Dans le travail qu'il nous présente, Jean Baudrillard tente de définir ce qu'est le Mal. En l'occurence, "la transparence-même du Mal est le Mal ", dit-il. C'est-à-dire ? C'est à dire sa dillution et son caractère évanescent. Quand on écoute Baudrillard, on comprend qu'il ne regarde pas cette transparence comme une tension vertueuse ou comme une tentative un peu subversive de libération.
Car lorsqu'il n'existe plus sous forme visible, sous forme de l'Empire du Mal, bien visible et bien repérable - auquel cas une resistance est possible par la prise de distance -, c'est qu'il se dissémine en filigrane de toute chose, et donc qu'il transparait.

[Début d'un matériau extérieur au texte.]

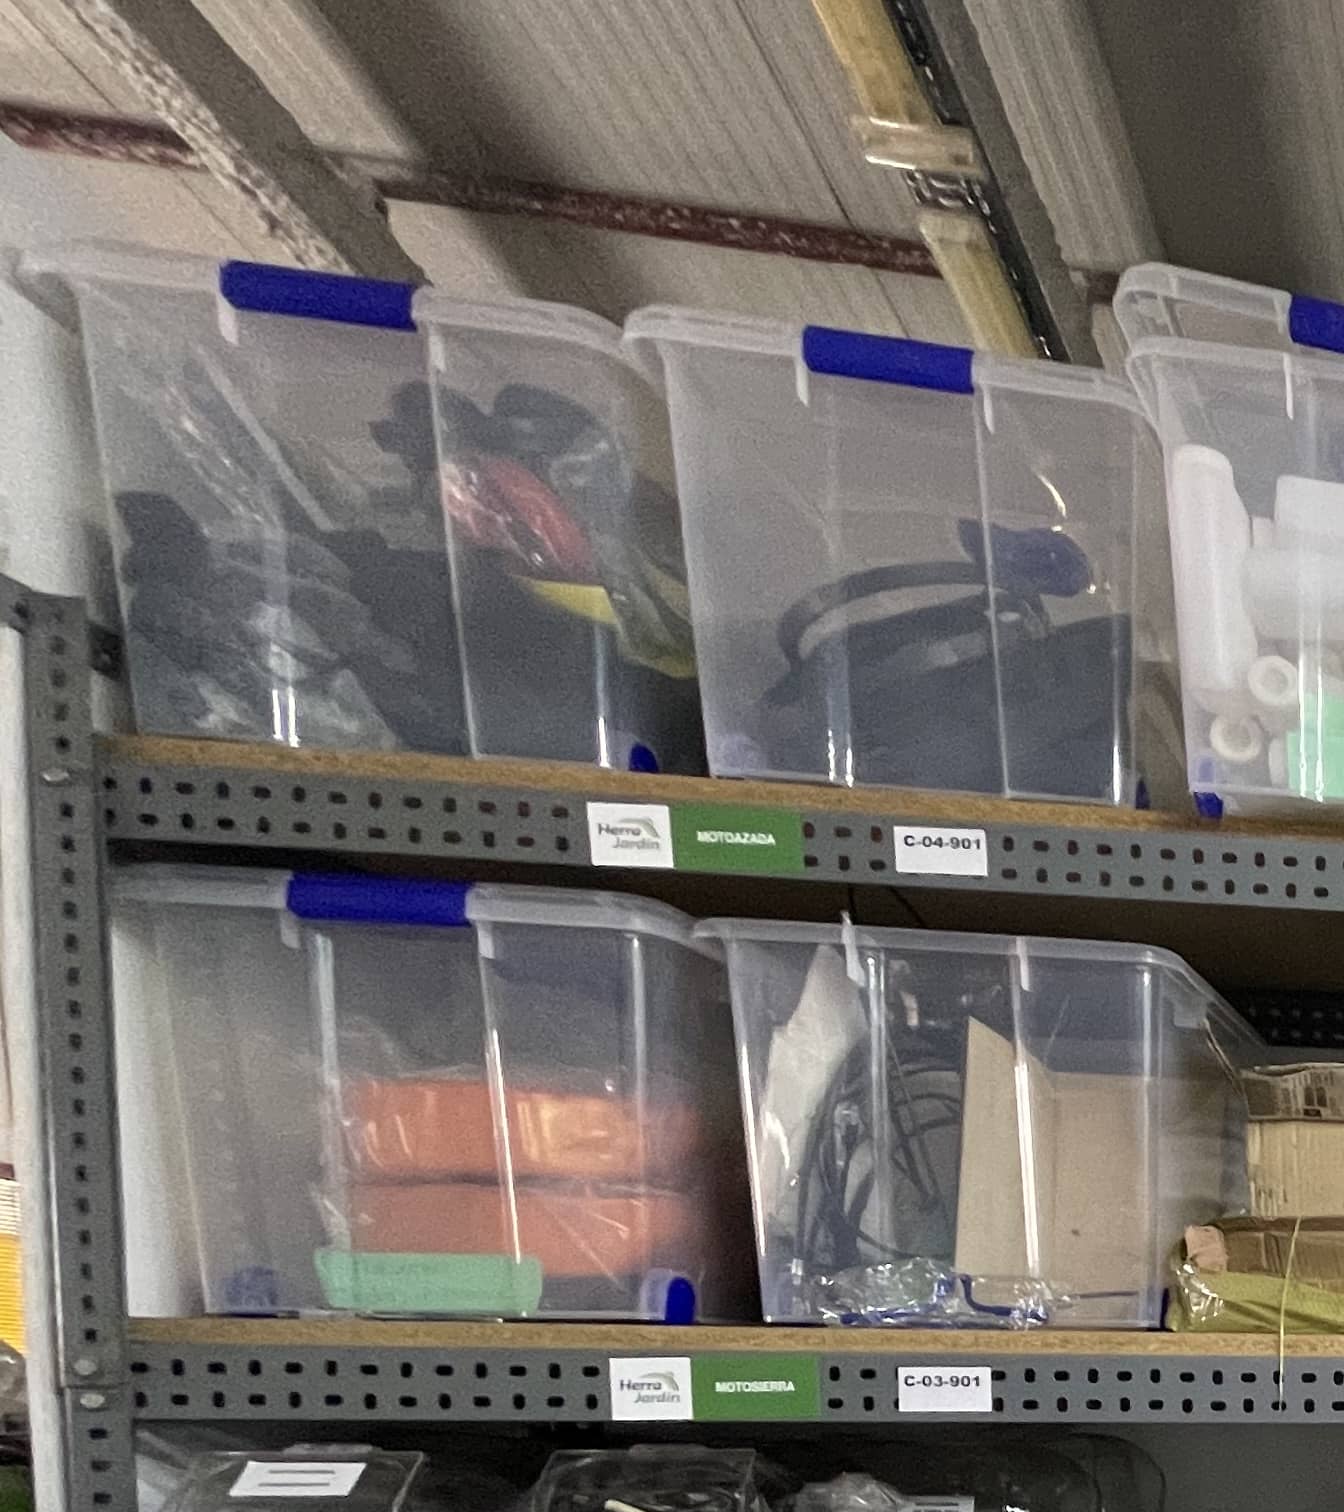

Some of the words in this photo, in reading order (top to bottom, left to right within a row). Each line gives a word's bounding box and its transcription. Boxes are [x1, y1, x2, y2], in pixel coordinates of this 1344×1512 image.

[697, 830, 776, 847] MOTOAZADA
[903, 835, 982, 852] C-04-901
[715, 1380, 796, 1393] MOTOSIERRA
[904, 1374, 981, 1388] C-03-901
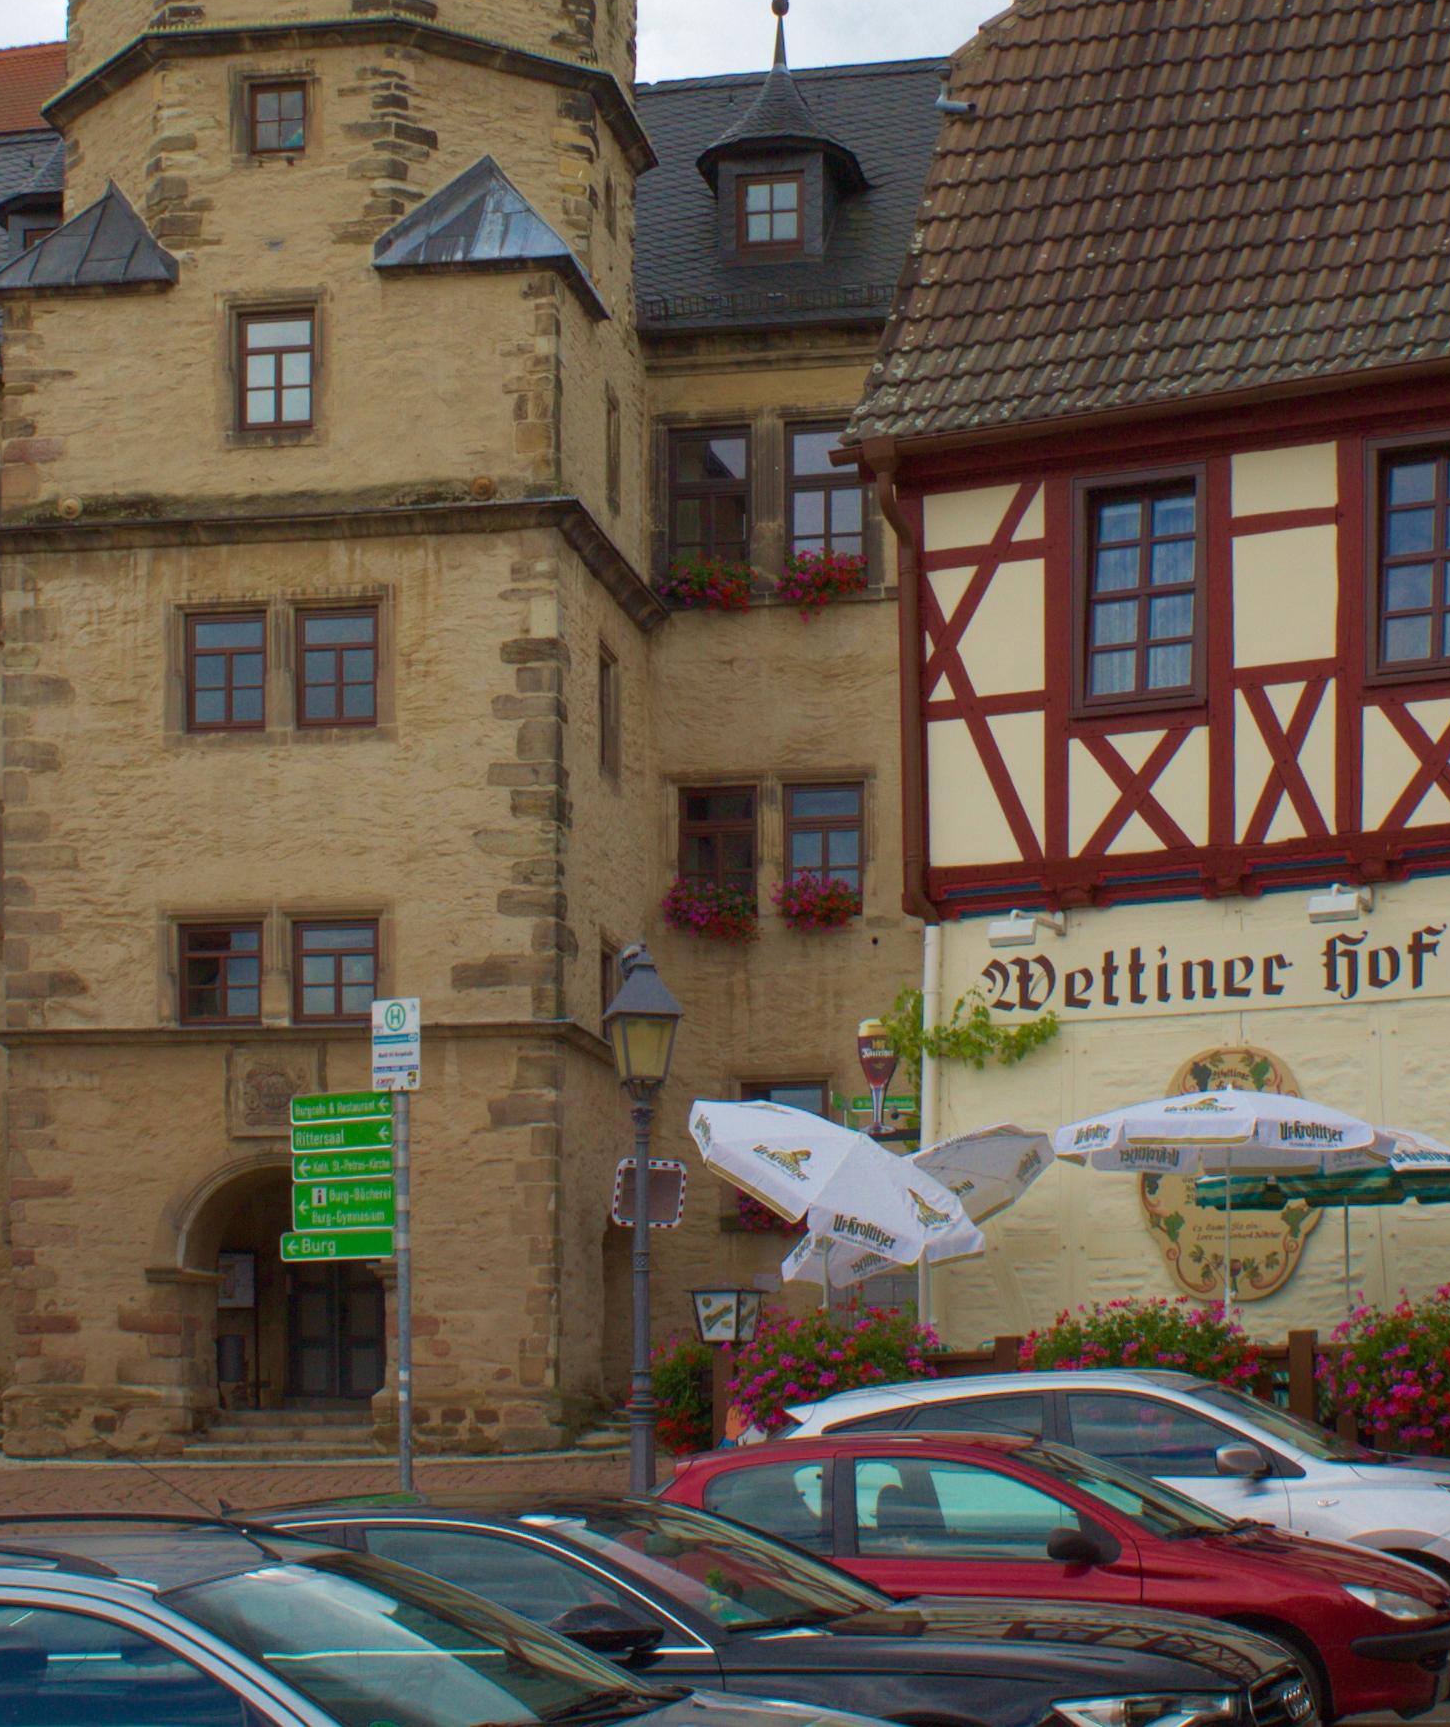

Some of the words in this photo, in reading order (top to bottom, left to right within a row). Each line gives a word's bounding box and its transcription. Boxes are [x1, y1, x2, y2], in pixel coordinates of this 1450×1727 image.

Ancrant sa réflexion sur ce qu'il nomme les "phénomènes extrêmes aux confins de la catastrophe " et notamment "le terrorisme, le Sida, les krach financiers ou les virus informatiques", Baudrillard s'inscrit dans les années d'un siècle qui se termine. Sensible aux théories du chaos notamment, il est intéressant à entendre, surtout quand il pronostique une forme de virage que prendrait l'Histoire à la veille du XXIe siècle, "pour retourner en arrière"...

Emission "Du jour au lendemain", animée par Alain Veinstein.

Une critique radicale de l'économie de la santé. Avec Jean-Pierre Dupuy au Collège des Bernardins.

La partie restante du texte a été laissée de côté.